Early life and education
Lurie was born to a Jewish family in Boston, the son of Nancy (née Smith) and Morris John Lurie. His grandfather, Philip Smith, founded the General Cinema movie theater chain, which was one of the largest operators of drive-in movie theaters in the United States. His uncle is Richard A. Smith. He has two siblings, Peter and Cathy. His father died April 14, 1961, at the age of 44 when Jeffrey was nine years old.

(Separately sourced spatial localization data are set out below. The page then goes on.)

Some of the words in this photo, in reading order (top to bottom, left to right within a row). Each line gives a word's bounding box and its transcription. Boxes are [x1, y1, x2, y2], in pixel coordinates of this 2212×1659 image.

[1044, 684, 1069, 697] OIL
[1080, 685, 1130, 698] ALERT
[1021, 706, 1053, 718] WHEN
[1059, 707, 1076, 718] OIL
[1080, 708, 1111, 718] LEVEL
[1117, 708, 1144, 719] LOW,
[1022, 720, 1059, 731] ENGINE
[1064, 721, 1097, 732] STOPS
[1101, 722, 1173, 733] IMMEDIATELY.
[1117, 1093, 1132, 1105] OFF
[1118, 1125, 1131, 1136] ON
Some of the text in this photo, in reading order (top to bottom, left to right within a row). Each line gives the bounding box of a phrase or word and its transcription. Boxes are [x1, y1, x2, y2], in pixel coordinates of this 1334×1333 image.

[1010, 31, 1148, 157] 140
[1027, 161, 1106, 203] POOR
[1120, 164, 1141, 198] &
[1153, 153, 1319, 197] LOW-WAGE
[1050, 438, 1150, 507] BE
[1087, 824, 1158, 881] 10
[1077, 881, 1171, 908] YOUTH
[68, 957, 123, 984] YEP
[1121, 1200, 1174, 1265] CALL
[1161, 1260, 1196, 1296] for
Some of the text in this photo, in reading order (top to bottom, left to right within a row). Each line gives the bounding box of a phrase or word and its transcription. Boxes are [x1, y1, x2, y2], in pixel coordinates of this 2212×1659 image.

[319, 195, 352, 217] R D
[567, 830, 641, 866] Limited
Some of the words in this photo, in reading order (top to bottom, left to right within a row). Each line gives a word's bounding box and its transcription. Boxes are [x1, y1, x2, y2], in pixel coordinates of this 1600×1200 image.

In the late 1960s, General Cinema began acquiring bottling franchises, including a Pepsi bottling operation. General Cinema evolved over the years into Harcourt General Inc., a $3.7-billion conglomerate based in Chestnut Hill, Massachusetts, with 23,700 employees worldwide. In its heyday it was the nation's fourth-largest chain of movie theaters, owned several publishing houses, three insurance companies, and a leading global consulting firm. In 1984 minority interest in Carter Hawley Hale was acquired, which was at the time the tenth-largest clothing retailer in the United States, including Bergdorf Goodman and Neiman-Marcus.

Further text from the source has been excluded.